The following afternoon Audra steps off the bus greeted by her father holding a note. He hands it to her with a wink. The note reads: Meet me at our tree.
Audra’s heart swells with excitement and she takes off running. The route from the bus to the woods is long, but even as her legs grow tired Audra doesn’t slow. That is until she catches glimpses of their tree. Audra’s mouth drops open in astonishment.
The tree with the biggest heart in the forest is transformed.
Fluttering and dancing in the wind are dozens of letters and drawings, love notes and cards. Each one hangs from a different branch by colourful yarn. All together the sound of flapping paper makes a joyful applause. Audra’s mother stands smiling under the heart of branches.
“Mom, you’re home!” Audra throws herself into her mother’s open arms and the two fall into a pile of autumn leaves.
“Oh love, I’ve missed you terribly. Let me hug you tighter.” Audra snuggles closer into her mother’s squeeze. The familiar smell of her hair makes Audra feel safe.
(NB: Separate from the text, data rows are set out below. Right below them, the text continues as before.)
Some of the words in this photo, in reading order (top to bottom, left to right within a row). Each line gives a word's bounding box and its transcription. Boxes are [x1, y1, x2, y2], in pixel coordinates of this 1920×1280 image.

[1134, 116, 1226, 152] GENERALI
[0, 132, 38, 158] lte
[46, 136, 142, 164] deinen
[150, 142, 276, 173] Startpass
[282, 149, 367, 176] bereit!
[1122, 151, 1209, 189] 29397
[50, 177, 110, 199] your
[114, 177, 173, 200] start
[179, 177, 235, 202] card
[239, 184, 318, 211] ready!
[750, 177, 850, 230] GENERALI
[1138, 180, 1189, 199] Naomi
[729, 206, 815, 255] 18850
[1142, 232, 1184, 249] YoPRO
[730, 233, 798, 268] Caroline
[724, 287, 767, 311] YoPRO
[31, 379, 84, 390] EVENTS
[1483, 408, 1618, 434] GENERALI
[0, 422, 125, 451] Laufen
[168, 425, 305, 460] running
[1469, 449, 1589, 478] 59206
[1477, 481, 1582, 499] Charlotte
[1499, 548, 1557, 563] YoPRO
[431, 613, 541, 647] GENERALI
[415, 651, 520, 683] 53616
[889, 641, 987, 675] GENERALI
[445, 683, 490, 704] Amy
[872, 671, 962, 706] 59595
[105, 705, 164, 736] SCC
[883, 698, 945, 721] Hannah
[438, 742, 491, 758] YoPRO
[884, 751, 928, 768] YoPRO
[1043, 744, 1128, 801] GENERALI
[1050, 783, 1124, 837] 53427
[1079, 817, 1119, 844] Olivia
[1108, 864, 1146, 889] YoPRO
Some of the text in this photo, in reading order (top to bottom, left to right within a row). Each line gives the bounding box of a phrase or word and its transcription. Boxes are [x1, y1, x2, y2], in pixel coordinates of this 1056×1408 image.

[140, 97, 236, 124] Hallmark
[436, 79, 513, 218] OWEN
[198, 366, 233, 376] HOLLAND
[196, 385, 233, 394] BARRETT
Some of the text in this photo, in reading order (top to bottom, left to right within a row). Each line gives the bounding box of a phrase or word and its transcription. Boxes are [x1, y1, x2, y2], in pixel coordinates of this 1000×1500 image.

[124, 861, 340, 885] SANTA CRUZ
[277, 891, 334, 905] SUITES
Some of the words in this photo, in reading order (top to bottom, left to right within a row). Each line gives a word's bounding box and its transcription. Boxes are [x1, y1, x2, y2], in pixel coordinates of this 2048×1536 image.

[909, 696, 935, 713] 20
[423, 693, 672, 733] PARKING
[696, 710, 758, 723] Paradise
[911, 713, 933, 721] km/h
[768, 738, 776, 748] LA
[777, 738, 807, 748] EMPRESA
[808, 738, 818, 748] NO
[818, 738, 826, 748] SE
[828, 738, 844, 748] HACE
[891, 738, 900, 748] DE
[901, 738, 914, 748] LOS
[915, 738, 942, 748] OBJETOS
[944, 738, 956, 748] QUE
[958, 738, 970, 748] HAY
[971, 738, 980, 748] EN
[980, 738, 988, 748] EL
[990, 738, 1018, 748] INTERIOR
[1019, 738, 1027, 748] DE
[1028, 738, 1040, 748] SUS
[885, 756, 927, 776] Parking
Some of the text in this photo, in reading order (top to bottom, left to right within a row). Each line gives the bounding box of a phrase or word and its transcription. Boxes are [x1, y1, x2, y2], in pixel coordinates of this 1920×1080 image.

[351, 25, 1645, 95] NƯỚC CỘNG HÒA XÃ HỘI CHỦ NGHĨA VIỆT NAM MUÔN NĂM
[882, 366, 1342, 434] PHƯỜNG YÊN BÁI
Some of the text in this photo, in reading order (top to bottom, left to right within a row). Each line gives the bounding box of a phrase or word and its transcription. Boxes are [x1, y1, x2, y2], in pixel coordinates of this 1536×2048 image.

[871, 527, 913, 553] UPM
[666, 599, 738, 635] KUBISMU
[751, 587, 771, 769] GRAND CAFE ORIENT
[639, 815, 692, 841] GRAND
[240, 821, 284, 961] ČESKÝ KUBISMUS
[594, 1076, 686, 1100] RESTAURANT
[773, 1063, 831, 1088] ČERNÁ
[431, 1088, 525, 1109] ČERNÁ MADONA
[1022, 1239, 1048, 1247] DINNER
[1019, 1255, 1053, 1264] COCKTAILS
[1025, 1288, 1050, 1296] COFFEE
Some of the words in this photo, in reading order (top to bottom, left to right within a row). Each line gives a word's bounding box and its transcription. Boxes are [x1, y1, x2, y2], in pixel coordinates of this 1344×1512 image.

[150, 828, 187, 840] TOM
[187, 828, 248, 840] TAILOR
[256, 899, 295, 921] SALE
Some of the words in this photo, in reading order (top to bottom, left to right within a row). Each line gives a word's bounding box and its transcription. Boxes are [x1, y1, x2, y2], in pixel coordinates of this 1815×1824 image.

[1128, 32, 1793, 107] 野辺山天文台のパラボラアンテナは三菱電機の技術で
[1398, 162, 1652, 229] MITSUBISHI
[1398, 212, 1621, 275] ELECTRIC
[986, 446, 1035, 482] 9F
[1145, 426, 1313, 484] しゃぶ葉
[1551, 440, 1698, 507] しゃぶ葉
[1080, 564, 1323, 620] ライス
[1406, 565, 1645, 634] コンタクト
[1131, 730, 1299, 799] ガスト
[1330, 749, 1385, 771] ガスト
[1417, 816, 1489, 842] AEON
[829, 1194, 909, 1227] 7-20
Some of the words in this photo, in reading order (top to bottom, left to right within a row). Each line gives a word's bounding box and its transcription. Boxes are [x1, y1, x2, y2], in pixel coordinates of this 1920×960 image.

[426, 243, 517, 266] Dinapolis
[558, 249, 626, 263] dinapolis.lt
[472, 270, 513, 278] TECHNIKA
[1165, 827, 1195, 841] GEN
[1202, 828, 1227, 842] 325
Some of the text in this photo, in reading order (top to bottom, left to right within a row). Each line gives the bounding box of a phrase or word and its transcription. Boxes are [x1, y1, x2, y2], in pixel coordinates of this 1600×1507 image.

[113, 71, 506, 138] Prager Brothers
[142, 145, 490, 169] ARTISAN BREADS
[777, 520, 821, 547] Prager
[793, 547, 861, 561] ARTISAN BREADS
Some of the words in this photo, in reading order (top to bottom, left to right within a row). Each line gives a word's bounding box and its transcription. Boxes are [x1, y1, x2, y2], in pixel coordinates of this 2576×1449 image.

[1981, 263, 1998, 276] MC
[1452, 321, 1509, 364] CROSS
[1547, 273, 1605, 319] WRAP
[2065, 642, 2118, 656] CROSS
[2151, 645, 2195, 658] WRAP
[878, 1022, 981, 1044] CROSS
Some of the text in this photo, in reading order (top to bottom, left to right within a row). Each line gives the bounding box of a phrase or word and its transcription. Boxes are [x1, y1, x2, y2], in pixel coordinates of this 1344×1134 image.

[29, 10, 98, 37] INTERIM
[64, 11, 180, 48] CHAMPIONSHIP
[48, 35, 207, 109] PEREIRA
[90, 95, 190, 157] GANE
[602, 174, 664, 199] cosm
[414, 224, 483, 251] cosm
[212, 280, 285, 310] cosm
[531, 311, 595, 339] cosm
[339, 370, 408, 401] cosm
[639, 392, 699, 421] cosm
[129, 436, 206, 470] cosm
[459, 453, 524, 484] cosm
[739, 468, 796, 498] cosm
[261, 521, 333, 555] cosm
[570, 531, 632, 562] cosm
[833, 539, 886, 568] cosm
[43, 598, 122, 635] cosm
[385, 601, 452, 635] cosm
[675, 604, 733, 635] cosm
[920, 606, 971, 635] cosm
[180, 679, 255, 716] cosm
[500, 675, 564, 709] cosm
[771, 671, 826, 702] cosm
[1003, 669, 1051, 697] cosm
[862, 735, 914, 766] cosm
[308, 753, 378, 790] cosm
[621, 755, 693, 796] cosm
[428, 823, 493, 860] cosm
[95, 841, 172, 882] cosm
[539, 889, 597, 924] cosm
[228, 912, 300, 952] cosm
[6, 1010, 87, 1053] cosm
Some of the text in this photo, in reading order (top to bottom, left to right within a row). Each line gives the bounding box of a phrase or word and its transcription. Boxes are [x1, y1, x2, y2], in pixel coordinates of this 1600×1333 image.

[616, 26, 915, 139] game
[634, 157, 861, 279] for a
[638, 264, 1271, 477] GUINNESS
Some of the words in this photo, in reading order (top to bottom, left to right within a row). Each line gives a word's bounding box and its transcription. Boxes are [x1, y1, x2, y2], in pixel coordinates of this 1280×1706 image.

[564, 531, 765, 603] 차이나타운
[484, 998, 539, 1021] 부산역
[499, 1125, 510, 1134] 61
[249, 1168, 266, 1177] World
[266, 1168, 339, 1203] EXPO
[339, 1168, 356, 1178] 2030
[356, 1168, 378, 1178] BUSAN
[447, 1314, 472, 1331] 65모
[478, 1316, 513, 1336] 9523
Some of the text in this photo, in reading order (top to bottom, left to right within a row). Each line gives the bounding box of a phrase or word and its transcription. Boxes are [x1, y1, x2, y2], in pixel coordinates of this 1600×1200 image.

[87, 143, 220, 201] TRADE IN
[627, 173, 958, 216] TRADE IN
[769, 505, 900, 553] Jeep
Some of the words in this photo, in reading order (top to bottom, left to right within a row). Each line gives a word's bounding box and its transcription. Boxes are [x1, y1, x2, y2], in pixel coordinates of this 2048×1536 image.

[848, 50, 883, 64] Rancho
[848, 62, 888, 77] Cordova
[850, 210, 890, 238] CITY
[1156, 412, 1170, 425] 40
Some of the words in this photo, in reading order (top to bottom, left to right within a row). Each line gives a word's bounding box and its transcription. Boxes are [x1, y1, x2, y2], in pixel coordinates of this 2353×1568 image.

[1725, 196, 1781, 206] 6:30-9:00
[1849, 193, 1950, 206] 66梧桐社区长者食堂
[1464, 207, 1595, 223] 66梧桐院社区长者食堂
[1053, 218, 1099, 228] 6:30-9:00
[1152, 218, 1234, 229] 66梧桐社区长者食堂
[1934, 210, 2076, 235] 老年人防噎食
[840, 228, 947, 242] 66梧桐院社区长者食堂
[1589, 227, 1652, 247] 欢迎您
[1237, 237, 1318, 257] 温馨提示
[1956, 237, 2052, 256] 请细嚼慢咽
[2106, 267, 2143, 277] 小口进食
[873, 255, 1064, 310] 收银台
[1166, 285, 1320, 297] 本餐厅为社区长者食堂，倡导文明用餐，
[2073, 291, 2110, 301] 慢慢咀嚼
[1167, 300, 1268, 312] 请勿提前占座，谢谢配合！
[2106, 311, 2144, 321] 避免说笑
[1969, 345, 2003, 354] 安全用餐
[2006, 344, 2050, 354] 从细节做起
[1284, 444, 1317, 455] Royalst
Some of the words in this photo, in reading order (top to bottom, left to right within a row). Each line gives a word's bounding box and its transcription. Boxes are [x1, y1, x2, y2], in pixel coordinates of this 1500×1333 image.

Turning to look at the tree above them she asks, “Mom, what is this? Did you make all these for me?”
Audra’s mother smiles. “I want you to know how touched I was by the notes you sent me in the hospital. I was missing you even though I couldn’t write back.”
“I didn’t think you liked my notes. That’s why I stopped sending them.”
“Oh Audra, I loved them. But my brain was so sick even simple things were hard to do.”
“You feel better now, right?” Audra asks hopefully.
“Yes my love. Things will be different now. I am a lot healthier than I was before.”
Audra can see that this is true. Her mother has gained weight and seems relaxed and happy.
Audra crawls over to the base of the tree and removes her hidden notes. “I kept writing to you every day. Can we hang these with the others?”
“After I read them of course,” says her mother pausing at the first card. [Artist’s note: The front of the card reads “Let’s Have a Picnic!”]
“You know love, I agree. A picnic is just what we should do.” Audra’s mother taps her nose as she thinks. “Any ideas where we should have it?”
Audra laughs and looks up at the heart of branches above her.
A Note to Parents
Talking to children about mental illness is hard. We worry they won’t understand or we won’t have the right words to explain it. And we are held back by the stigma and judgment society harbours for people who live with mental illness.
But regardless of whether or not we tell our children about our illness, they are unquestionably affected by it. In fact, many children who live with parents who have a mental illness feel a level of personal responsibility for their parent’s behaviour. They wonder if their own behaviour can mitigate the reactions of their mom or dad.
As a parent who lives with Bipolar Disorder, my children have been impacted by my fluctuating moods. And so I wrote this story to start a conversation.
A Heart of Branches is a story of love and hope. I read it to my boys to open a dialogue about something that gets rarely talked about with children and we hope you will use it to do the same.